The history of literature in any language confirms Shelley's view. It is common knowledge that we like tragedies better than comedies. The greatest literature in any language deals with human sorrows and sufferings rather than with the joy and happiness of life.

23. Shelley calls the skylark 'the scorner of the ground'. What does he really mean to say? Another famous poet objected to this view. Who is he, and what did he say?

Ans. Shelley really means to say that the skylark is a heavenly, divine spirit which for ever remains far away from this dungy earth. It is something perfect and absolute and so it never comes down to this imperfect world of misery, suffering and destruction.

The other poet is William Wordsworth.

In his 'To The Skylark', Wordsworth objected to this view. He said that the skylark was a "pilgrim of the sky" but it always maintained a "never-failing-bond" between heaven and its earthly nest. It was not a 'scorner of the ground' but remained "true to the kindred points of Heaven of Home".

24. "The world should listen then-as I am listening now". -What attitude of the poet is revealed here?

Ans. Shelley requests the skylark to teach him half of the raptures and sweetness, so that inspired by this divine madness, he too might sing such enchanting songs that may elicit spontaneous praise from people of the world. Like Keats, Shelley was also severely criticized by the critics. Therefore, Shelley seems to be smarting under the pain caused by the utter indifference of people towards his poetry, so, he requests the skylark to teach him half of its rapture and melody.

25. How does Shelley paint of human life in his poem "To A Skylark?"

Ans. Shelley in this ode speaks of man as a victim of pain, sorrow and imperfect happiness.
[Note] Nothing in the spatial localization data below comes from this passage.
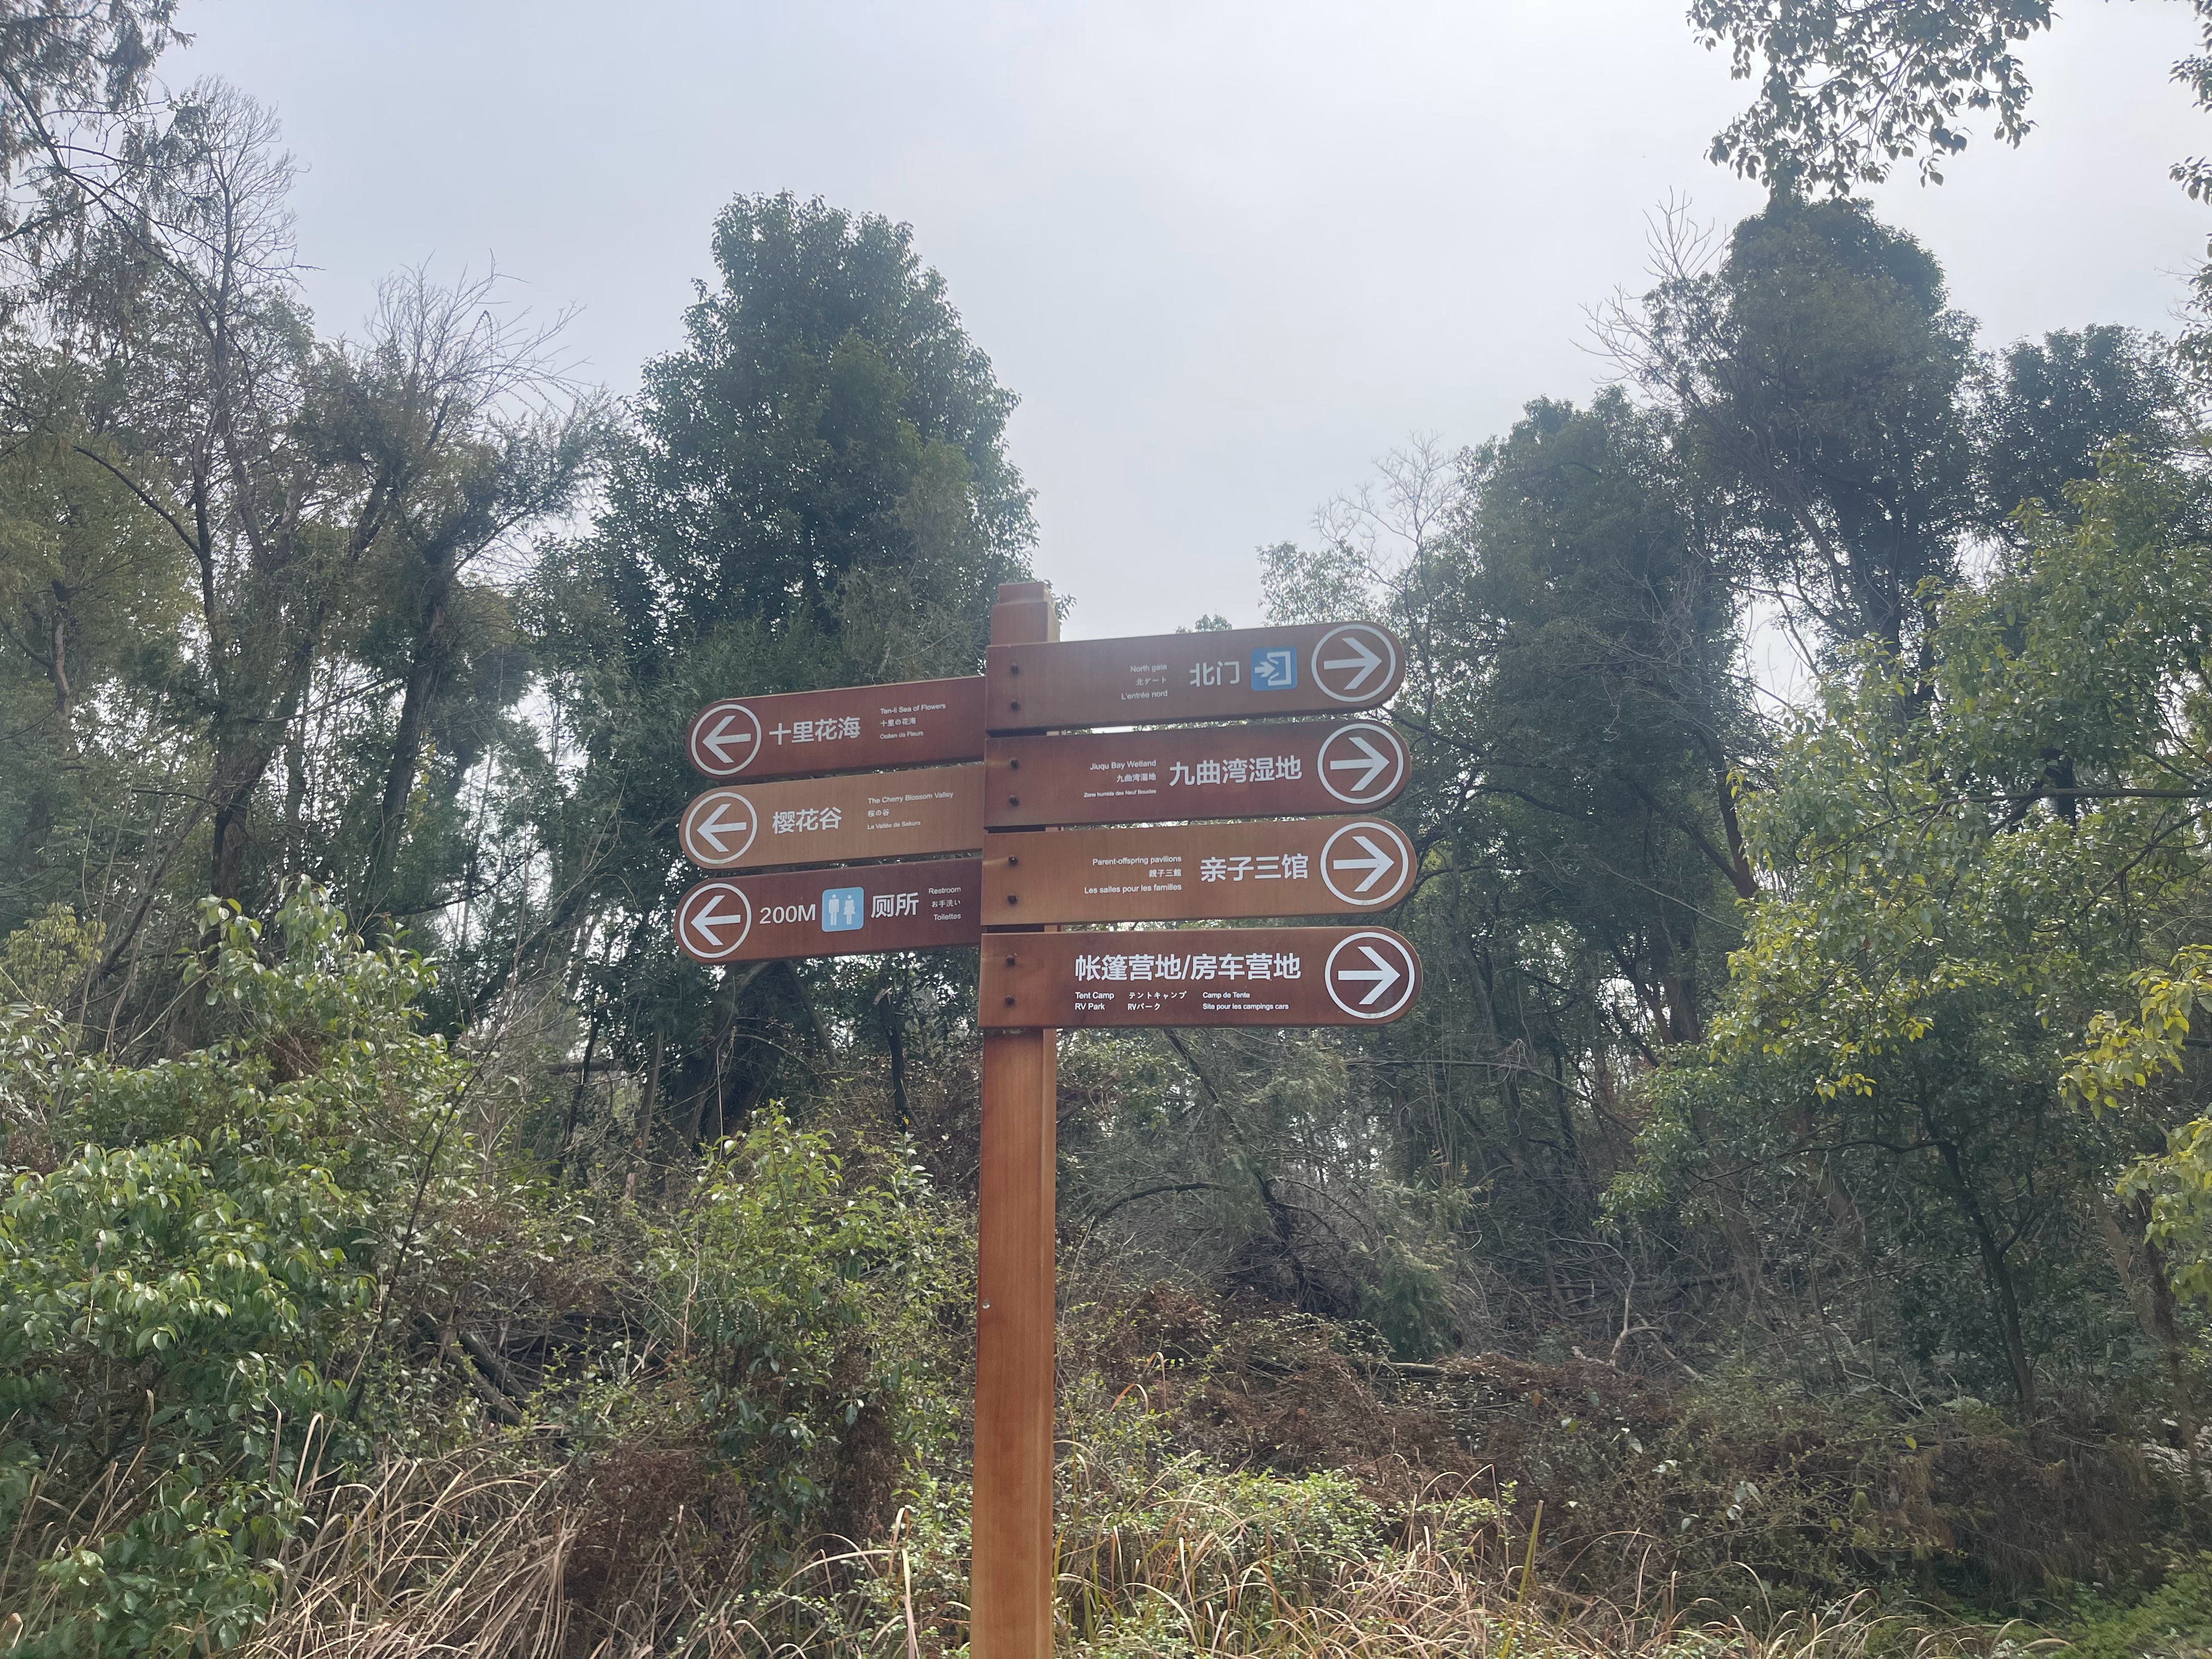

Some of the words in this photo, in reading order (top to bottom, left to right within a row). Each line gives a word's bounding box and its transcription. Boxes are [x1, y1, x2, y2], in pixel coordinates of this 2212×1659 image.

[1152, 664, 1167, 673] gate
[1189, 661, 1240, 687] 北门
[1121, 692, 1150, 700] L'entrée
[1152, 690, 1168, 698] nord
[769, 716, 861, 745] 十里花海
[1090, 763, 1109, 771] Jiuqu
[1111, 761, 1125, 770] Bay
[1126, 759, 1156, 768] Wetland
[1169, 755, 1302, 787] 九曲湾湿地
[905, 793, 933, 802] Blossom
[934, 791, 954, 799] Valley
[772, 807, 842, 834] 樱花谷
[1092, 857, 1149, 866] Parent-offspring
[1150, 855, 1182, 865] pavilions
[1200, 853, 1309, 883] 亲子三馆
[1122, 886, 1139, 894] pour
[1154, 883, 1182, 891] familles
[871, 892, 919, 919] 厕所
[932, 900, 961, 908] お手洗い
[759, 904, 816, 925] 200M
[933, 913, 962, 921] Toilettes
[1075, 953, 1302, 981] 帐篷营地/房车营地
[1092, 991, 1115, 1001] Camp
[1128, 990, 1188, 1000] テントキャンプ
[1127, 1002, 1161, 1011] RVパーク
[1243, 1003, 1274, 1011] campings
A poet gives brilliant thoughts to his fellowmen but himself remains unknown. High-born maidens living in palace suffer from pangs of unfulfilled love. Men sing praises of love and wine, celebrate occasions. But their songs are always wanting in something.

26. What is the secret of the melodious madness of the skylark?
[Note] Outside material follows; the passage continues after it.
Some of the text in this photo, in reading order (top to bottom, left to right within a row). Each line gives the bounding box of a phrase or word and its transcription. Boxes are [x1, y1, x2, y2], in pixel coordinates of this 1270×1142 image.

Ans. All sorrows and worries which shadow human life are unknown to the skylark. The skylark understands the nature of death better than human beings. Human beings are always afraid of death. Men cannot get rid of pride, fear, jealousy. These are unknown to the skylark.

27. How does "To A Skylark" differ from "Ode to the West Wind"?

Ans. In To A Skylark" the skylark is an embodiment of a spirit bringing to man joy because of its song. It sings of an unearthly bliss. In "Ode to the West Wind" the poet invokes the West Wind in its two fold capacity as a destroyer of all that is old and a preserver of all that makes for growth. In the former there is a rhapsodic flow of inspiration [fic que. The latter, rich in prophetic ideas is in terzarima.

28. Write a note on the structure of the ode "To a skylark'

Ans. To A Skylark' falls into five parts. The first part gives us the description of the skylark as it sings in its flight in the heavens. The second part gives us a series of similes to bring out the sweetness of the song of this invisible bird. The third part makes the poet wonder at how the bird is inspired to give expression to an unmixed joy in its song. In the fourth part the poet contrasts this unmixed joy with the happiness of human beings. In the fifth part, the poet urges the skylark to teach him the art of happiness unmixed with pain.

29. What is the prophetic idealism of Shelley in his ode "To A Skylark"?

Ans. "To A Skylark" is a lyric full of prophetic idealism of Shelley. Here he implores the Skylark to teach him half the gladness of the Skylark so that he can inoculate the world with the serum of joy and elixir of happiness.